■ **EXERCISE**
Please copy the records below word for word, leaving out the pictures.

(Images for object localization)
──────────────────────────────
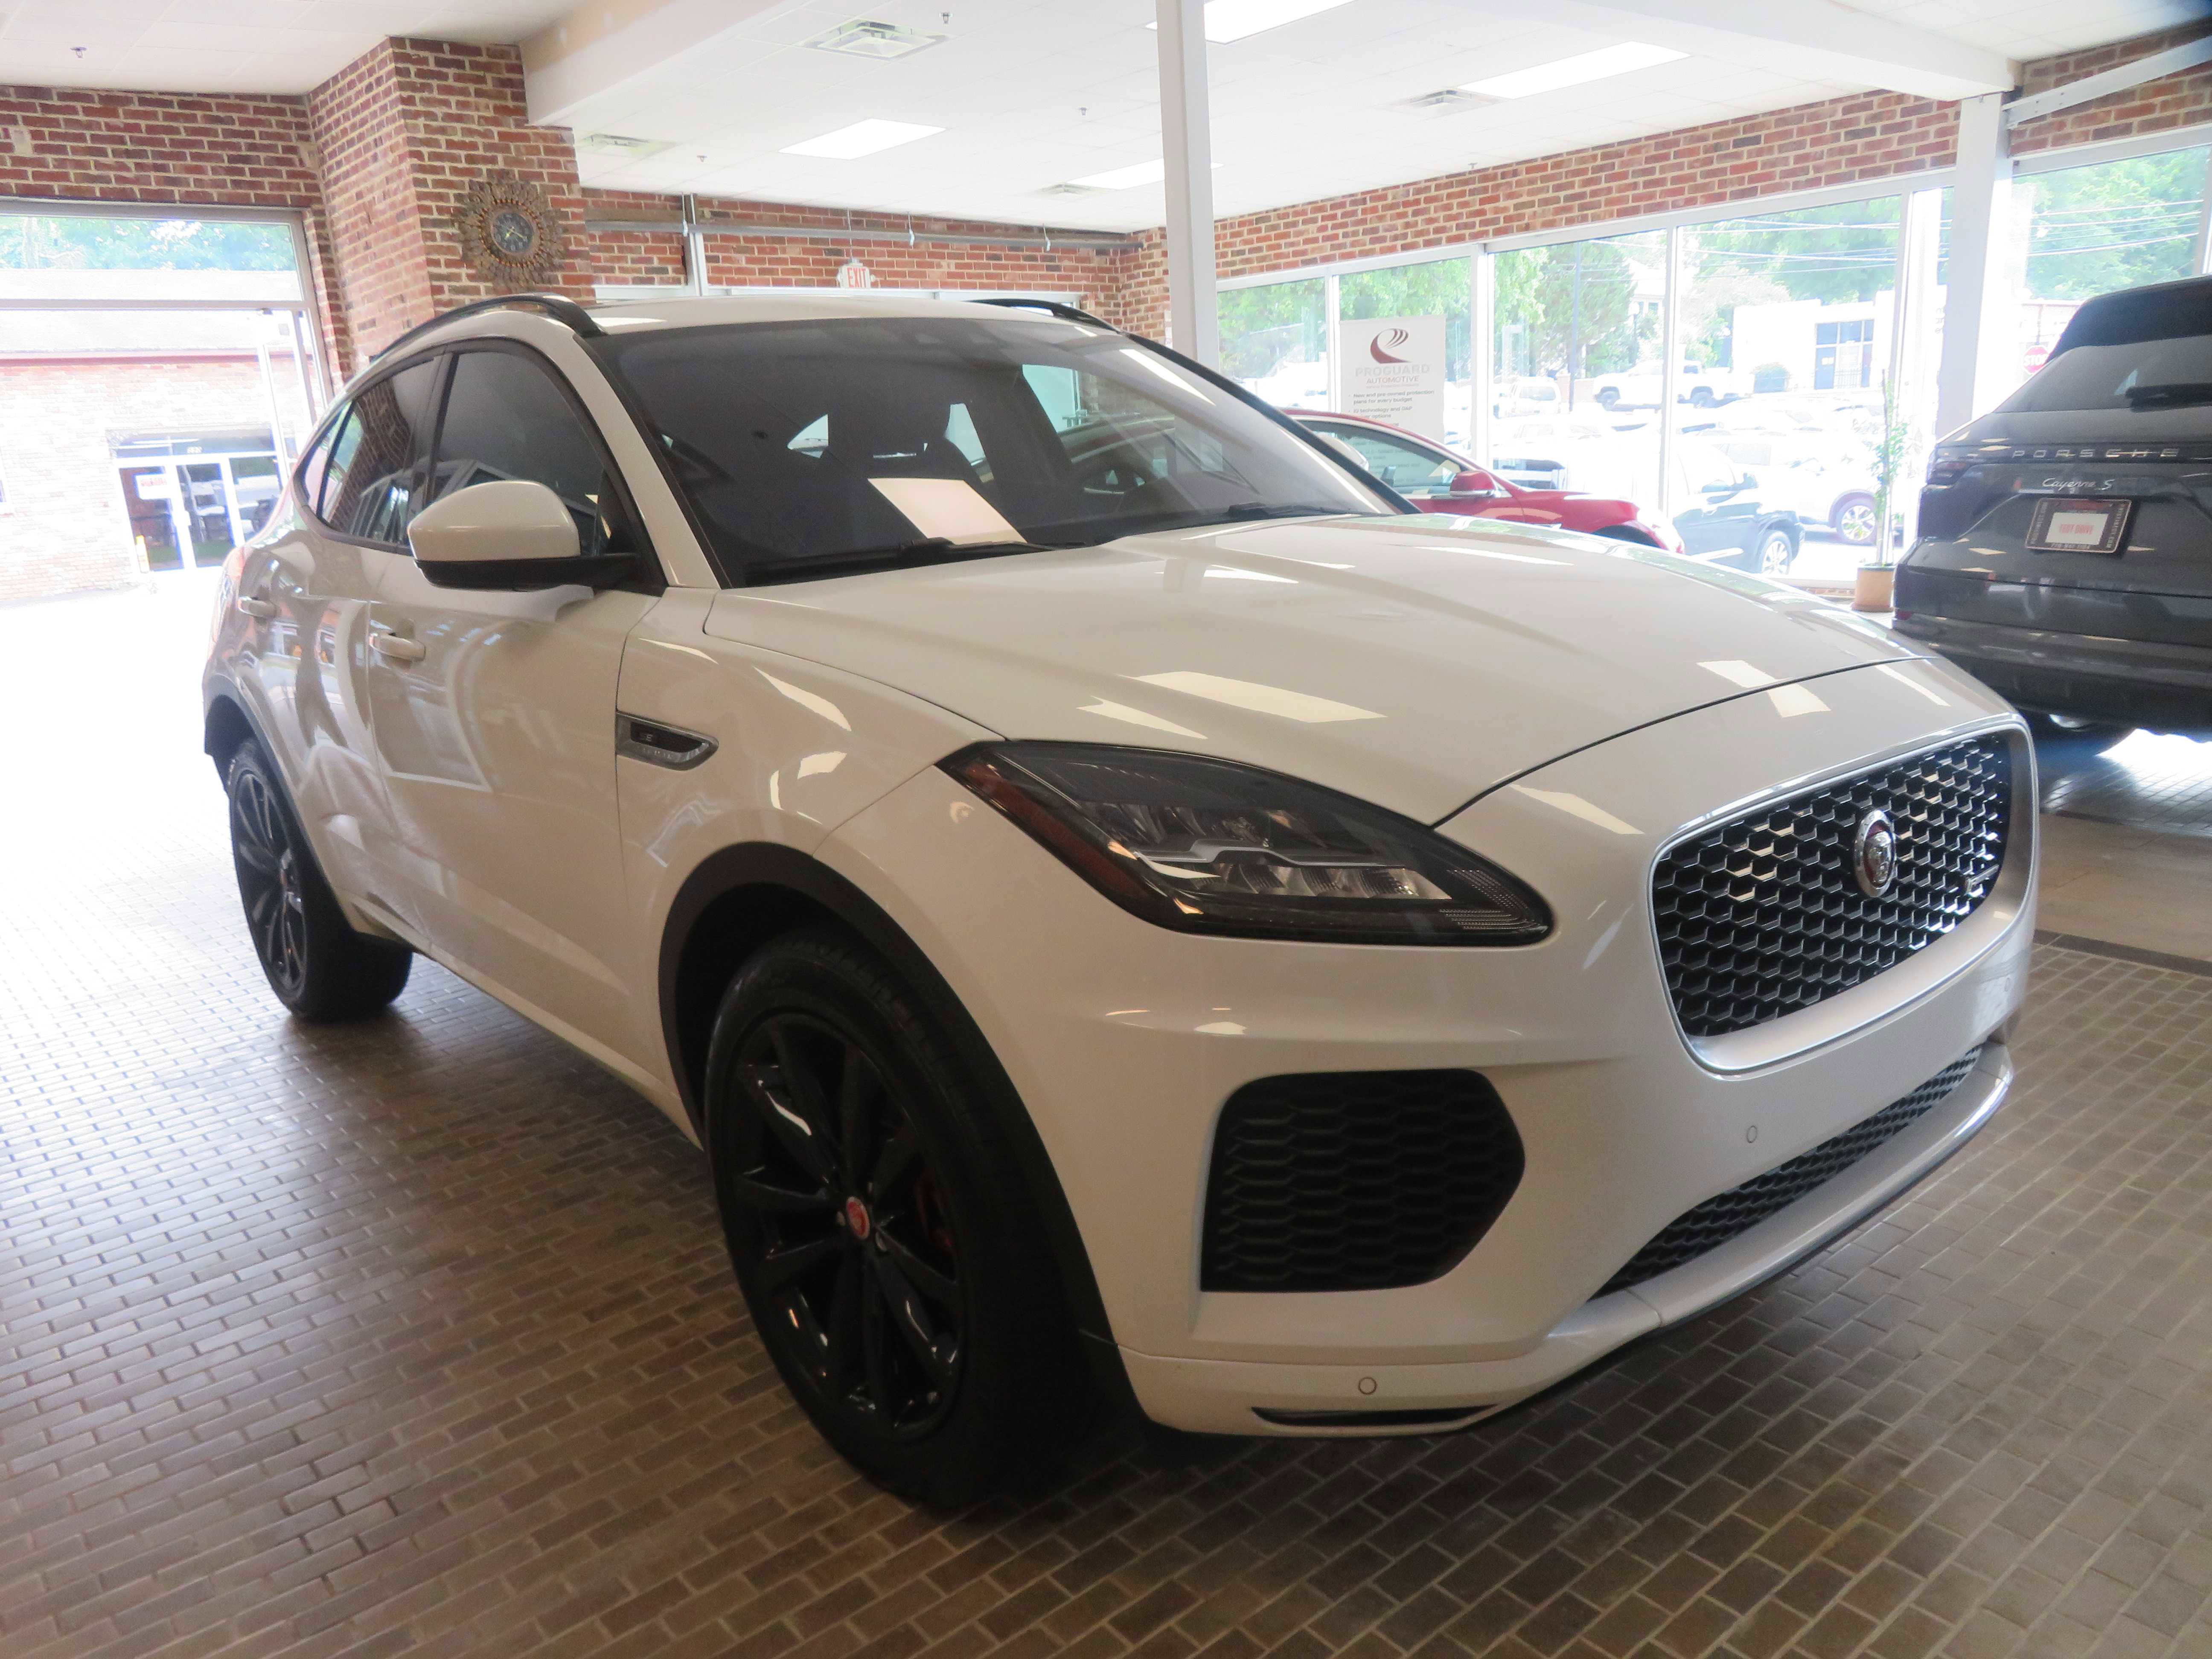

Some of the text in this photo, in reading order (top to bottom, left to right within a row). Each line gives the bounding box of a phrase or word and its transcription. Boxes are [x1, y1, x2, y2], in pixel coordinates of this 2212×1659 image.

[847, 267, 866, 287] EXIT
[1355, 364, 1430, 377] PROGUARD
[1366, 375, 1420, 384] AUTOMOTIVE
[2012, 448, 2179, 458] PORSCHE
[2042, 477, 2115, 491] Cayenne S
──────────────────────────────
■ **WRITTEN REPLY**
Some of the text in this photo, in reading order (top to bottom, left to right within a row). Each line gives the bounding box of a phrase or word and its transcription. Boxes are [x1, y1, x2, y2], in pixel coordinates of this 2212×1659 image.

[847, 267, 866, 287] EXIT
[1355, 364, 1430, 377] PROGUARD
[1366, 375, 1420, 384] AUTOMOTIVE
[2012, 448, 2179, 458] PORSCHE
[2042, 477, 2115, 491] Cayenne S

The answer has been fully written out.